As he is strapped into his seat in the bus that takes him to special education class, it is hard not to notice that there is only one other child inside, and he too is a son of Somali immigrants.
“I know 10 guys whose kids have autism,” said Ayub’s father, Abdirisak Jama, a 39-year-old security guard. “They are all looking for help.”
Autism is terrifying the community of Somali immigrants in Minneapolis, and some pediatricians and educators have joined parents in raising the alarm. But public health experts say it is hard to tell whether the apparent surge of cases is an actual outbreak, with a cause that can be addressed, or just a statistical fluke.
In an effort to find out, the Minnesota Department of Health is conducting an epidemiological survey in consultation with the federal Centers for Disease Control and Prevention. This kind of conundrum, experts say, arises whenever there is a cluster of noncontagious illnesses.
While there is little research on autism clusters, reports of cancer clusters are so common that health agencies across the country respond to more than 1,000 inquiries about suspected ones each year. A vast majority prove unfounded, and even when one is confirmed, the cause is seldom ascertained, as it was for Kaposi’s sarcoma among gay men and mesothelioma among asbestos workers.

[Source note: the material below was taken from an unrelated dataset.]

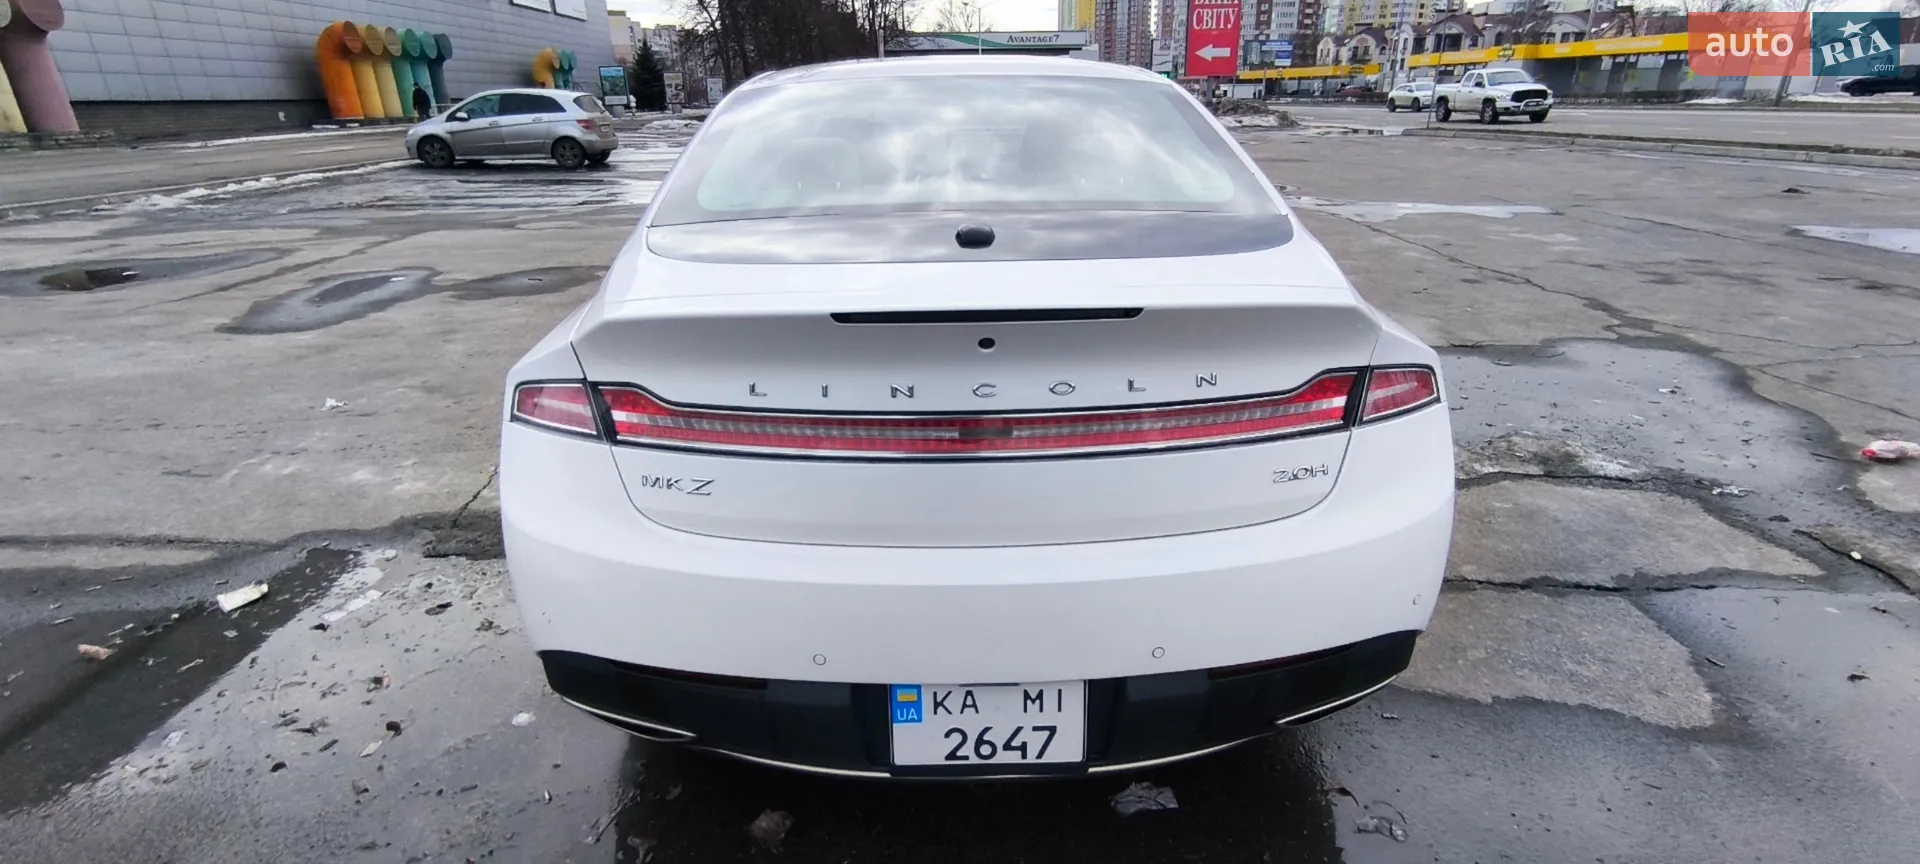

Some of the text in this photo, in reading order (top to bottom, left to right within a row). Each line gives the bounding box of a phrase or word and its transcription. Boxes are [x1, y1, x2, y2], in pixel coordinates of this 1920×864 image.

It is “extraordinarily difficult” to separate chance clusters from those in which everyone was exposed to the same carcinogen, said Dr. Michael J. Thun, the American Cancer Society’s vice president for epidemiology.
Since the cause of autism is unknown, the authorities in Minnesota say it is hard to know even what to investigate.
“There are obviously some real concerns here, but we don’t want to make a cursory judgment,” said Buddy Ferguson, a health department spokesman. Even counting autism cases is difficult because the diagnoses are first made by the schools, not doctors, and population estimates for Somalis vary widely. Results are expected late this month.
Even if the department confirms that a cluster exists, it will not answer the question why. Still, Dr. Thun said a possible focus in one ethnic group “increases my sense that investigating it is essential.” The next step, he added, would be to look at Somalis in other cities.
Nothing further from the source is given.